• [Task brief]
Write the data out again, exactly as given.

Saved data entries
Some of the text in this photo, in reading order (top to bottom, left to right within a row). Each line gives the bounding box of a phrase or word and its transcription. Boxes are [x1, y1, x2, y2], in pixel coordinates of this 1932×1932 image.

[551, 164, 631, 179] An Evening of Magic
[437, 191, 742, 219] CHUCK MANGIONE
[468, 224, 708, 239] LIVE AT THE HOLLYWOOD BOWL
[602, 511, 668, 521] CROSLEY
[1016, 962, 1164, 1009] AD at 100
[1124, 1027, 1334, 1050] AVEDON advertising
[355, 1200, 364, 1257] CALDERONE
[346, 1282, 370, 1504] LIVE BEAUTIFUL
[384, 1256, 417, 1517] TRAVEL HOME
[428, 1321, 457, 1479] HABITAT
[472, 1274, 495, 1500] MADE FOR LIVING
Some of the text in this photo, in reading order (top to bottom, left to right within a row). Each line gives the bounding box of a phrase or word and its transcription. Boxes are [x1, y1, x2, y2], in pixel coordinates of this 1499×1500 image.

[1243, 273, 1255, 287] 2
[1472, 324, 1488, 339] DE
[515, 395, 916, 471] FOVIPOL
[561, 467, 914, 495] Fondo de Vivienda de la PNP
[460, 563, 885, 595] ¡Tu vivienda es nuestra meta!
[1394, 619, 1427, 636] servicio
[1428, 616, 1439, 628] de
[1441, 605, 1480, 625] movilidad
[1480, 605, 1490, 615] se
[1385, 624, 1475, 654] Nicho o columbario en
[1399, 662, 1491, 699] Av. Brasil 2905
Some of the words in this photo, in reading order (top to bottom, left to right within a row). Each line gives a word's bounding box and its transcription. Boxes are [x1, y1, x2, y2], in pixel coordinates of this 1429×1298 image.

• [Solution to this exercise]
Some of the text in this photo, in reading order (top to bottom, left to right within a row). Each line gives the bounding box of a phrase or word and its transcription. Boxes are [x1, y1, x2, y2], in pixel coordinates of this 1932×1932 image.

[551, 164, 631, 179] An Evening of Magic
[437, 191, 742, 219] CHUCK MANGIONE
[468, 224, 708, 239] LIVE AT THE HOLLYWOOD BOWL
[602, 511, 668, 521] CROSLEY
[1016, 962, 1164, 1009] AD at 100
[1124, 1027, 1334, 1050] AVEDON advertising
[355, 1200, 364, 1257] CALDERONE
[346, 1282, 370, 1504] LIVE BEAUTIFUL
[384, 1256, 417, 1517] TRAVEL HOME
[428, 1321, 457, 1479] HABITAT
[472, 1274, 495, 1500] MADE FOR LIVING
Some of the text in this photo, in reading order (top to bottom, left to right within a row). Each line gives the bounding box of a phrase or word and its transcription. Boxes are [x1, y1, x2, y2], in pixel coordinates of this 1499×1500 image.

[1243, 273, 1255, 287] 2
[1472, 324, 1488, 339] DE
[515, 395, 916, 471] FOVIPOL
[561, 467, 914, 495] Fondo de Vivienda de la PNP
[460, 563, 885, 595] ¡Tu vivienda es nuestra meta!
[1394, 619, 1427, 636] servicio
[1428, 616, 1439, 628] de
[1441, 605, 1480, 625] movilidad
[1480, 605, 1490, 615] se
[1385, 624, 1475, 654] Nicho o columbario en
[1399, 662, 1491, 699] Av. Brasil 2905
Some of the words in this photo, in reading order (top to bottom, left to right within a row). Each line gives a word's bounding box and its transcription. Boxes are [x1, y1, x2, y2], in pixel coordinates of this 1429×1298 image.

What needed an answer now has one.